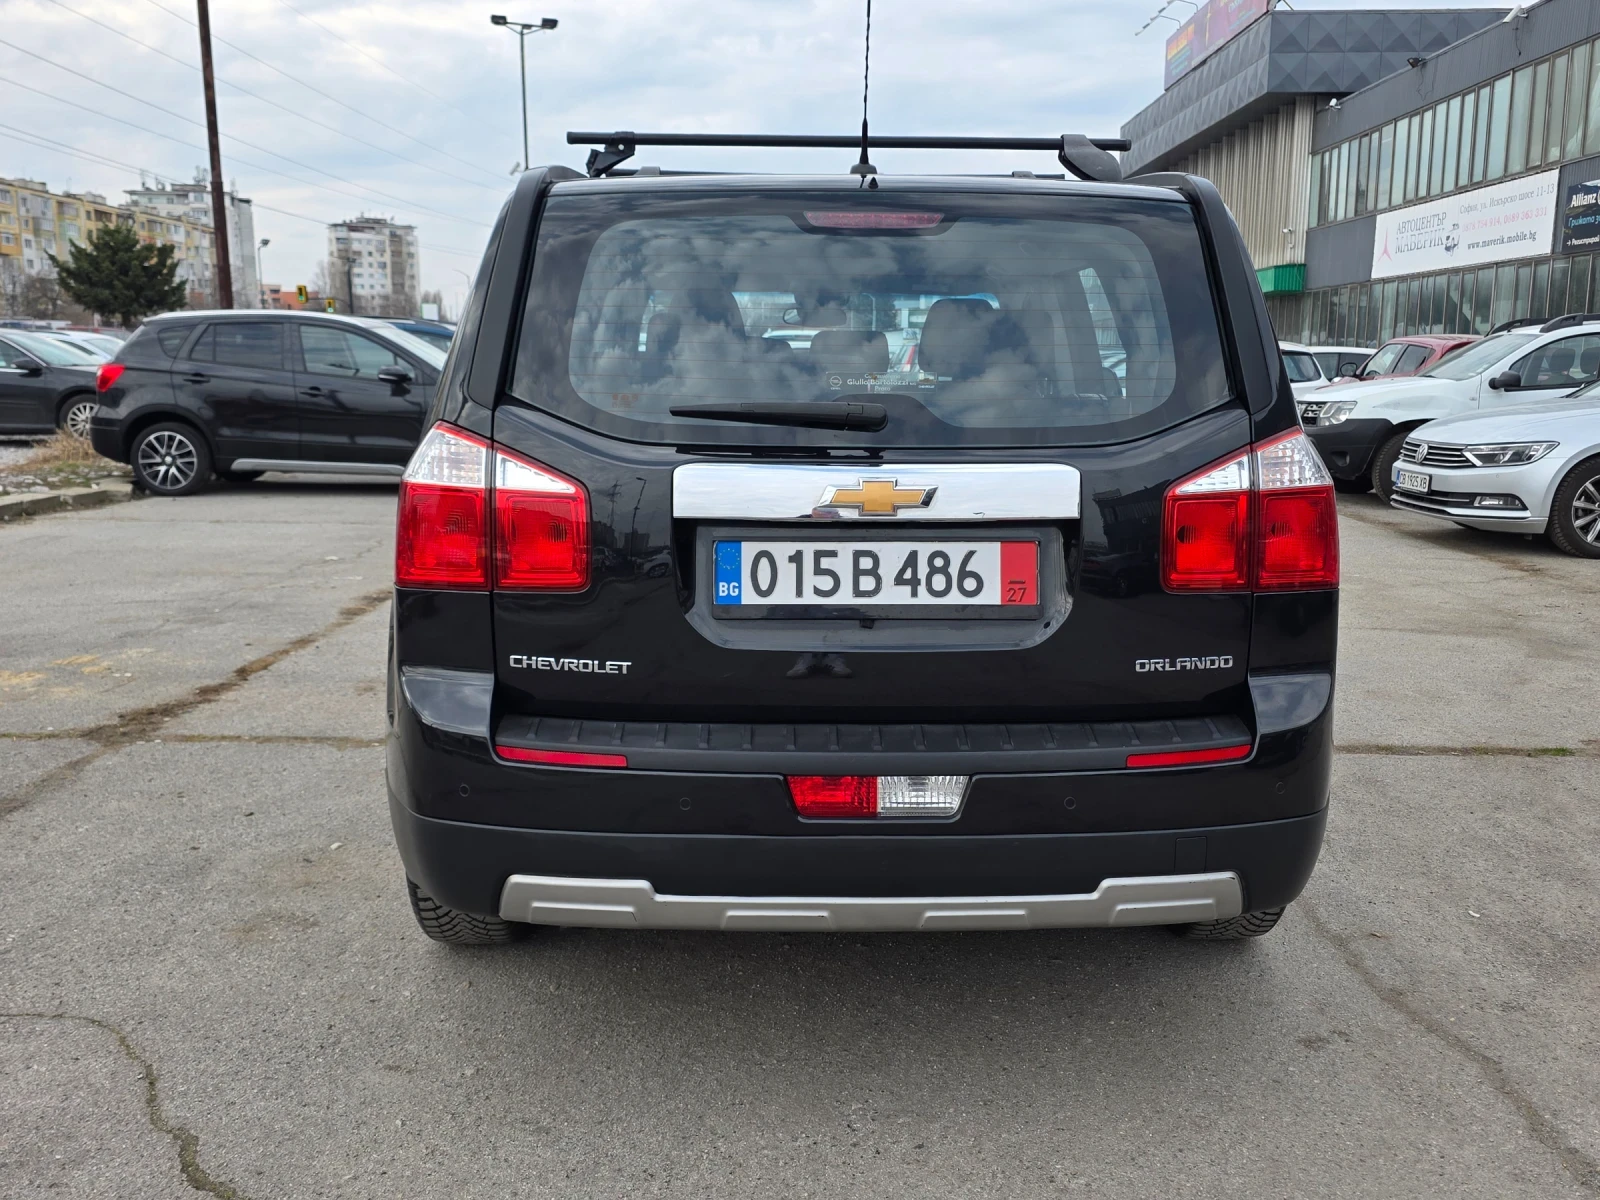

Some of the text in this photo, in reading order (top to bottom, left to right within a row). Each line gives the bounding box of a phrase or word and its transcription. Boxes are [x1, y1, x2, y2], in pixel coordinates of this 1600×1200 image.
* * *
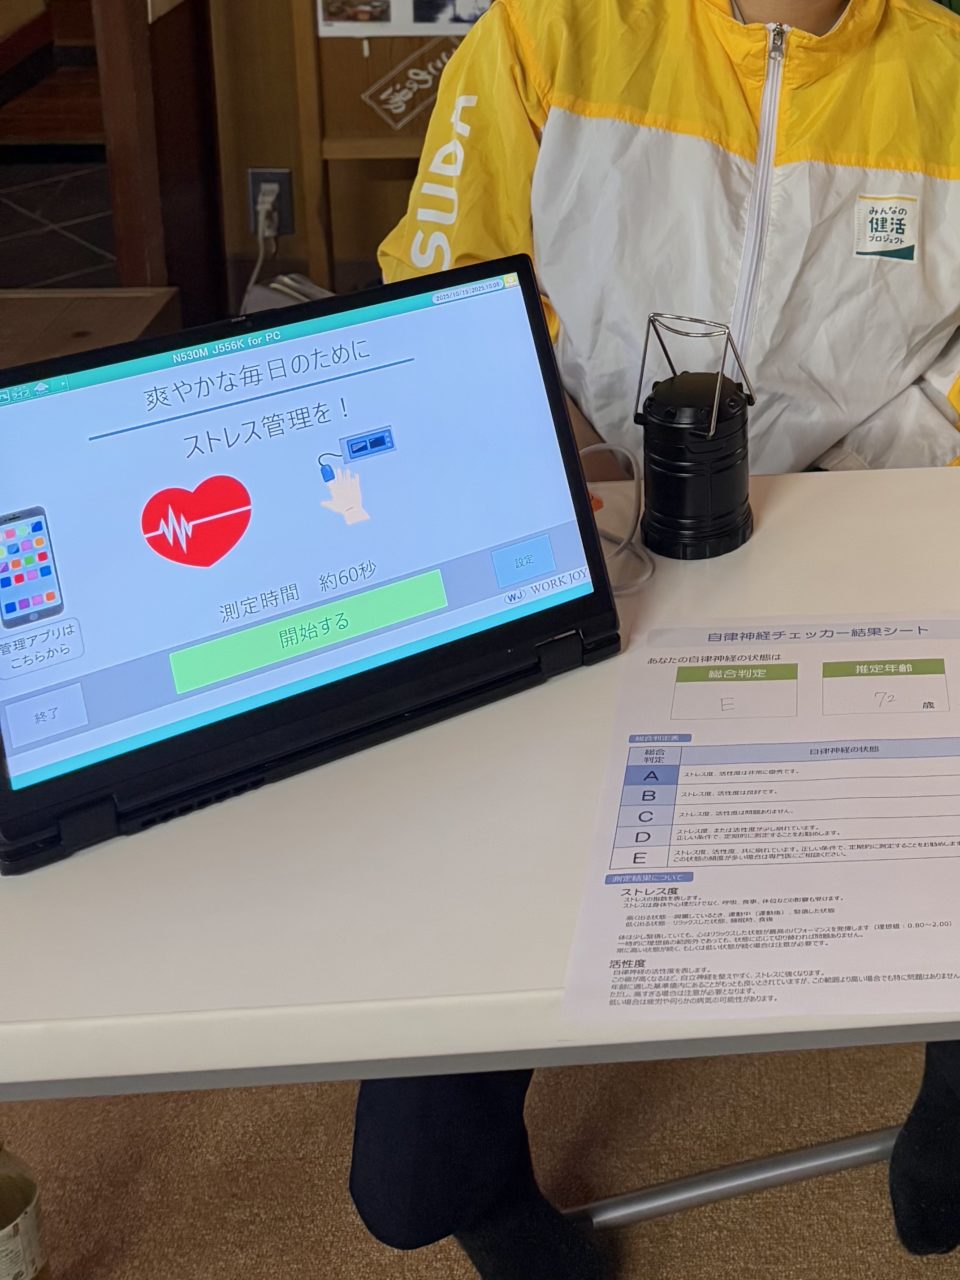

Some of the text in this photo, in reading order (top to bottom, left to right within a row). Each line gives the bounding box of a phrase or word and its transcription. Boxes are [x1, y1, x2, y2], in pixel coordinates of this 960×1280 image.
...
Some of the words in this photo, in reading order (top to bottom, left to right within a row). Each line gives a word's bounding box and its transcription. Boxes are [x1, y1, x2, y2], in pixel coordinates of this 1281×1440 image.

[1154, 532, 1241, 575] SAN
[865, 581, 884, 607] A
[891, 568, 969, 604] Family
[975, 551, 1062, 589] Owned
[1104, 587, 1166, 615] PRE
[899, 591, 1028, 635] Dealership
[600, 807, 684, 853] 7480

What is required – Among the lines above, return each one holding the string "text".

Result below –
Some of the text in this photo, in reading order (top to bottom, left to right within a row). Each line gives the bounding box of a phrase or word and its transcription. Boxes are [x1, y1, x2, y2], in pixel coordinates of this 1600×1200 image.
Some of the text in this photo, in reading order (top to bottom, left to right within a row). Each line gives the bounding box of a phrase or word and its transcription. Boxes are [x1, y1, x2, y2], in pixel coordinates of this 960×1280 image.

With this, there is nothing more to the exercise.